**TASK INSTRUCTIONS**
Your output should be the line with "this 1280×960 image." followed by every remaining line of the entries, reproduced exactly.

**SOURCE MATERIAL**

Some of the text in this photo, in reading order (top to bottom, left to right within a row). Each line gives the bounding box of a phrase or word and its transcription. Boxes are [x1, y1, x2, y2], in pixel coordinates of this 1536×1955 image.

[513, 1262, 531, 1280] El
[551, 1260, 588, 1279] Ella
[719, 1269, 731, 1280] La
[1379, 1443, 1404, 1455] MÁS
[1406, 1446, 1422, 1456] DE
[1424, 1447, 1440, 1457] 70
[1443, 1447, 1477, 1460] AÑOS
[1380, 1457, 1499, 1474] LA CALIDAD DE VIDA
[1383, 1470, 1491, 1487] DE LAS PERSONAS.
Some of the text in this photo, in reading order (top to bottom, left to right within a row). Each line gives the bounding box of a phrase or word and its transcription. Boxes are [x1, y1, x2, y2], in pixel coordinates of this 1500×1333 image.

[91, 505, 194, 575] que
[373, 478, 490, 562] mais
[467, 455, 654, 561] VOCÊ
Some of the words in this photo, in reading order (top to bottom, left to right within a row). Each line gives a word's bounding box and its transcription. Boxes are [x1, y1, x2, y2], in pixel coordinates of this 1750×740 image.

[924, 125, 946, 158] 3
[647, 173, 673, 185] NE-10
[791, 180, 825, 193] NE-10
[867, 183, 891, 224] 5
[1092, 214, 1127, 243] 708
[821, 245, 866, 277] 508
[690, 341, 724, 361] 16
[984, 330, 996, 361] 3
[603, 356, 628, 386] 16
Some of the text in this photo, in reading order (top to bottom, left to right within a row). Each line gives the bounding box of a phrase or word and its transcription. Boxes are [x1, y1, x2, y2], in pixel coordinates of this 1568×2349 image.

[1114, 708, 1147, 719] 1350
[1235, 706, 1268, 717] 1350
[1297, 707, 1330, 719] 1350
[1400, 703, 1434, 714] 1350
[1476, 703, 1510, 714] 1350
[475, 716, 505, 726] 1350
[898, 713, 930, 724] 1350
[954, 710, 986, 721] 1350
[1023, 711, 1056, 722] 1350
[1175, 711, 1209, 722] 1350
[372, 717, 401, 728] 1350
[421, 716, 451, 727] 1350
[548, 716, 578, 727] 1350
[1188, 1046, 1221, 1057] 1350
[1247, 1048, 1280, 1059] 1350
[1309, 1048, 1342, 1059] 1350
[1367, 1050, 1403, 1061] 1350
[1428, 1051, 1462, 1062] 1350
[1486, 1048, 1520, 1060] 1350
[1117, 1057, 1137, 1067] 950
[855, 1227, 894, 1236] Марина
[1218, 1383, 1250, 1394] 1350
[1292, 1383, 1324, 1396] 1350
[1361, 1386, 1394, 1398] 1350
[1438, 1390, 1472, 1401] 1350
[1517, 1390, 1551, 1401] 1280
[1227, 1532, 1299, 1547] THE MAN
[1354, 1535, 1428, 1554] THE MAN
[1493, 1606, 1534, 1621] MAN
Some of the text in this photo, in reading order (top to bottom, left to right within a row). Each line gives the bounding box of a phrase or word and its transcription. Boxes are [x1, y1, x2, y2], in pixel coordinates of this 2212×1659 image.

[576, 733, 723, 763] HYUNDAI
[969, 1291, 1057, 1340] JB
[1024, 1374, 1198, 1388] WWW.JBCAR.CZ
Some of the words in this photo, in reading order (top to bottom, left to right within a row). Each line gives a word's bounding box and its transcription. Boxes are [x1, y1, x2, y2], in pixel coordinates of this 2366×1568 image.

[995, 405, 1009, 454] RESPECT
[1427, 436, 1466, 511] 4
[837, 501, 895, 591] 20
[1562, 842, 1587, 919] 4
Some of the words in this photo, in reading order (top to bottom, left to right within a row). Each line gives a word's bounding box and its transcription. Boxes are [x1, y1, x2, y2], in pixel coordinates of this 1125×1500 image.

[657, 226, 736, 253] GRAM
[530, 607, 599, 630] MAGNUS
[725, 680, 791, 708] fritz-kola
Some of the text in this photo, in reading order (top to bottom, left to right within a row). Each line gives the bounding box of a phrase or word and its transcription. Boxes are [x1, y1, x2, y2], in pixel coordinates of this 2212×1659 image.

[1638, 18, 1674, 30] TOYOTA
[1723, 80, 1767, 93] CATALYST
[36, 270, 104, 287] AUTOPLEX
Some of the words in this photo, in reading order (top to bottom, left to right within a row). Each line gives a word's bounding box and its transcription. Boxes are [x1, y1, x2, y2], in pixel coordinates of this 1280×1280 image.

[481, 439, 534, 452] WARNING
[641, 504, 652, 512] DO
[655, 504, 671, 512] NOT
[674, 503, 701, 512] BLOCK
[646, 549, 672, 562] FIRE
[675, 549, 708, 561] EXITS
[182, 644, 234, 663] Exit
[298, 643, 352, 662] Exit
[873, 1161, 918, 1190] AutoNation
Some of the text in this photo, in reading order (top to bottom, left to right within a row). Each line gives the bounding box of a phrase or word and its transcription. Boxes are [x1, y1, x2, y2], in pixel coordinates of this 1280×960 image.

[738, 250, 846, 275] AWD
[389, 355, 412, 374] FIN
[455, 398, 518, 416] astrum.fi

**RESPONSE AREA**
Some of the text in this photo, in reading order (top to bottom, left to right within a row). Each line gives the bounding box of a phrase or word and its transcription. Boxes are [x1, y1, x2, y2], in pixel coordinates of this 1280×960 image.

[738, 250, 846, 275] AWD
[389, 355, 412, 374] FIN
[455, 398, 518, 416] astrum.fi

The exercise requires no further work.